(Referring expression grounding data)
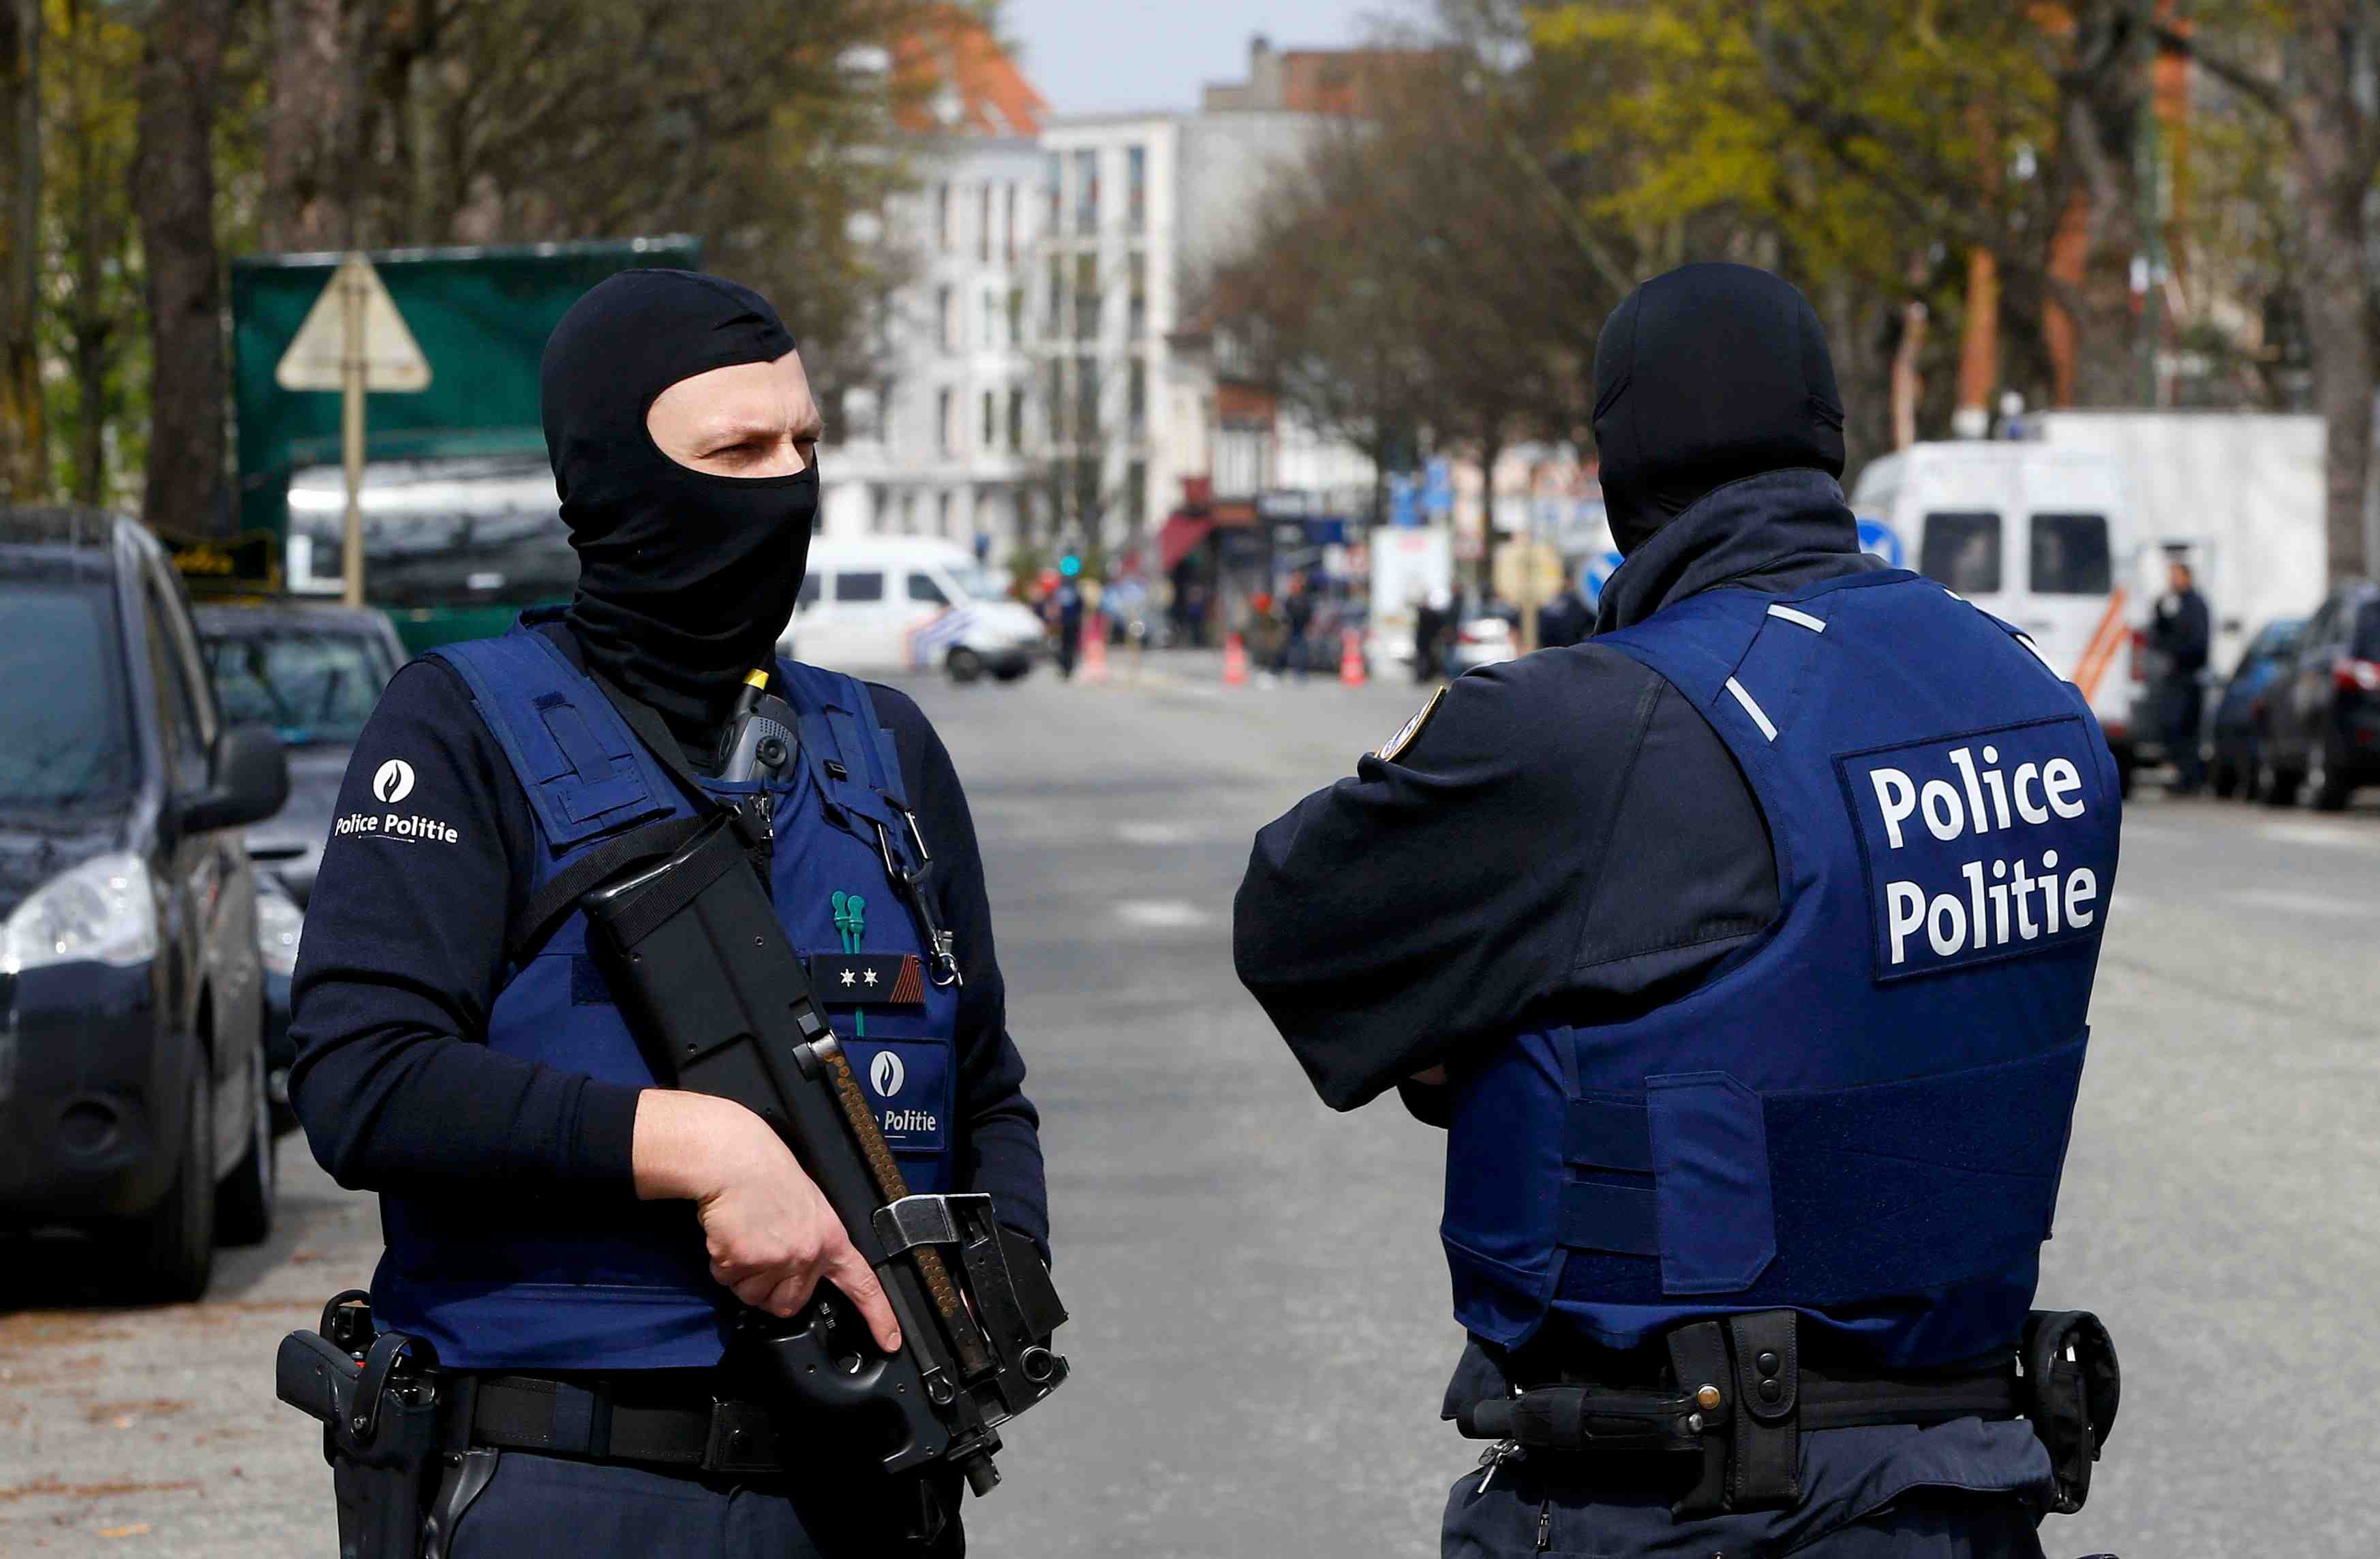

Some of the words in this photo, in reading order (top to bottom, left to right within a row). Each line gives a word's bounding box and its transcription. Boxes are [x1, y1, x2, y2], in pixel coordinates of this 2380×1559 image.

[334, 813, 378, 837] Police
[384, 814, 459, 844] Politie
[1869, 745, 2086, 850] Police
[1885, 849, 2098, 965] Politie
[884, 1109, 937, 1131] Politie

> _WHAT NEEDS TO BE DONE_
Repeat the records word for word. Leave out whatever pictures they hold.

> _WRITTEN RESPONSE_
Some of the words in this photo, in reading order (top to bottom, left to right within a row). Each line gives a word's bounding box and its transcription. Boxes are [x1, y1, x2, y2], in pixel coordinates of this 2380×1559 image.

[334, 813, 378, 837] Police
[384, 814, 459, 844] Politie
[1869, 745, 2086, 850] Police
[1885, 849, 2098, 965] Politie
[884, 1109, 937, 1131] Politie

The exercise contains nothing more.